Nuova sede per gli sportelli, forse alla Fiera

La prima sofferenza è dover andare a pagare, perché nulla di diverso si fa negli uffici di Esatto, e la seconda strettamente allegata è proprio raggiungere la sede, che si trova in pessima posizione: fra la galleria Sandrinelli e la galleria successiva, in piazza Sansovino, nei locali a suo tempo occupati dalla concessionaria di auto Zagaria. Di parcheggi nelle vicinanze nemmeno a sognare, impossibile andarci a piedi salvo che non si scenda da San Giacomo, e un bel paio di semafori in un traffico bieco e in un’aria carica di smog se si arriva con l’autobus. Ma tutto questo potrebbe cambiare a breve.
Scoccimarro, il presidente di Esatto, annuncia infatti di aver già avviato i primi passi e contatti per trasferire l’ufficio non si dica in centro città, ma almeno in un luogo più accessibile, precisamente alla Fiera in liquidazione o meglio ancora nell’attiguo Palazzo delle nazioni.

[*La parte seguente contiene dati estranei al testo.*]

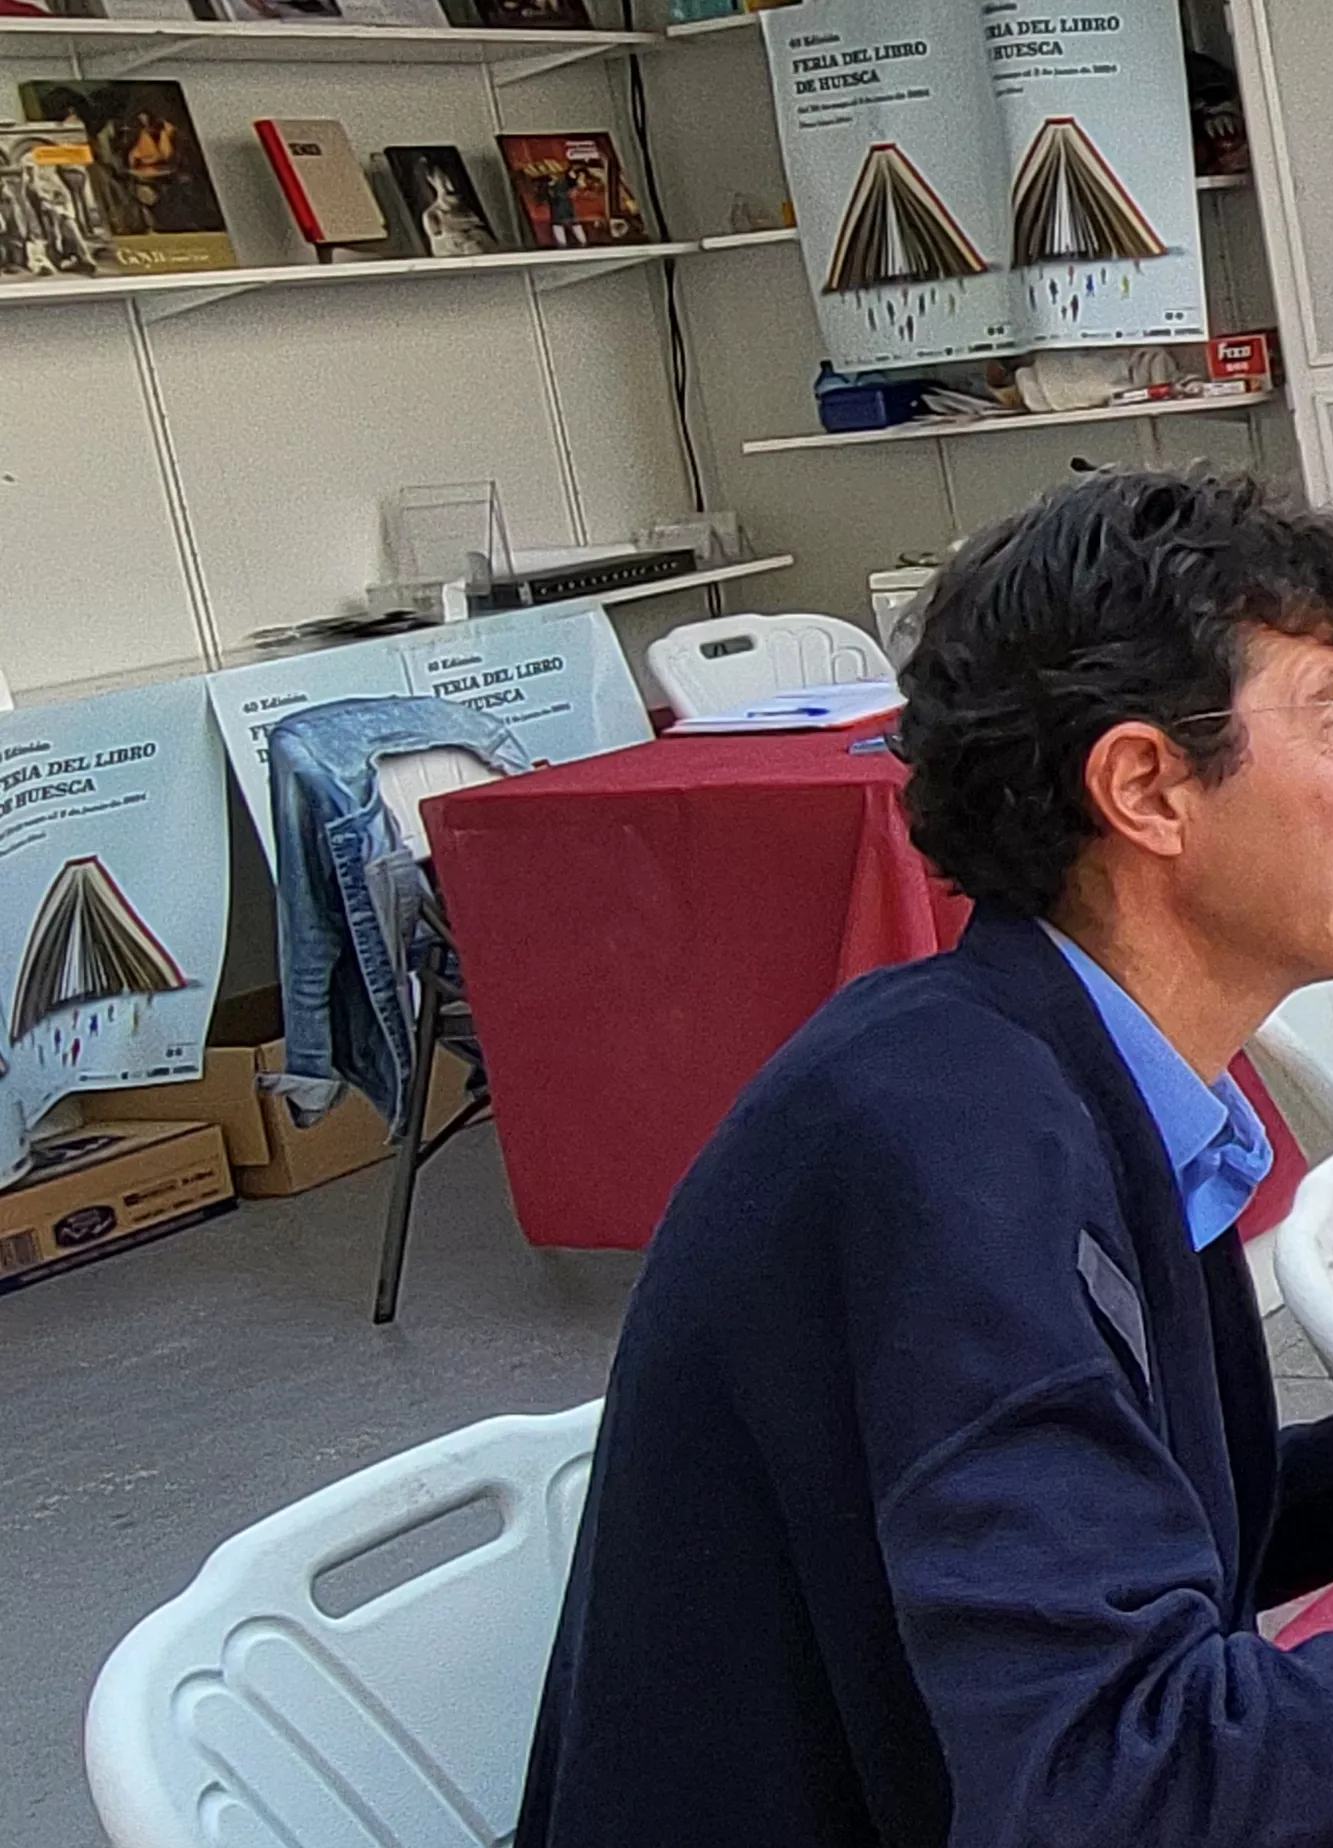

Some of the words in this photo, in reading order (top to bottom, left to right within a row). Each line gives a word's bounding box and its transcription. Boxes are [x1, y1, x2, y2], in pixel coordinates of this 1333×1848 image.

Nel frattempo ha messo di fronte a un aut-aut il proprietario dei locali, Zagaria appunto, e si è fatto abbassare il canone di locazione «da 150 mila euro all’anno a 100 mila, altrimenti ho detto che ce ne saremmo andati subito», inoltre ha ottenuto una modifica del contratto ottenendo che il trasloco dell’ufficio potrà avvenire «a sei mesi dalla disdetta, senza pagare alcuna penale, con tutto il tempo per allestire i nuovi spazi e traslocare».
«Siamo consapevoli dell’infelicità della sede, per la salute dei dipendenti e per la scomodità che ricade sui cittadini - ammette Scoccimarro -, ma d’altro canto avevamo anche un’altra esigenza prima di spostarci: ammortizzare le spese sostenute per il restauro dei locali, piuttosto ingenti perché era stata trasformata una concessionaria di auto in un ufficio che par quasi una banca, con nuovi impianti e servizi che, andando via, non ci possiamo portare dietro. Ora, a 10 anni dall’avvio, forse quell’investimento (che è sempre di soldi pubblici) può considerarsi ammortizzato quindi il trasferimento diventa possibile, l’area di Montebello avrebbe comunque una discreta disponibilità di parcheggi e sarebbe più facilmente raggiungibile coi mezzi pubblici».
L’argomento è stato già affrontato favorevolmente in Consiglio di amministrazione, dopo che altre opzioni nel recente passato si erano dimostrate non percorribili. Il presidente: «Ne avevamo parlato già con la giunta Dipiazza, poi con il sindaco Cosolini e l’assessore Fabio Omero, i quali avrebbero voluto unificare gli sportelli di AcegasAps e di EstEnergy con quelli di Esatto, per razionalizzare i servizi di accesso a favore degli utenti, ma poi non se ne è fatto nulla».
Da qui l’opzione numero due, una lettera spedita al liquidatore della Fiera e un esame delle planimetrie del Palazzo delle nazioni. «Non è ancora una trattativa - specifica Scoccimarro -, siamo ai primi colloqui». Ma di fatto la decisione è presa. (g. z.)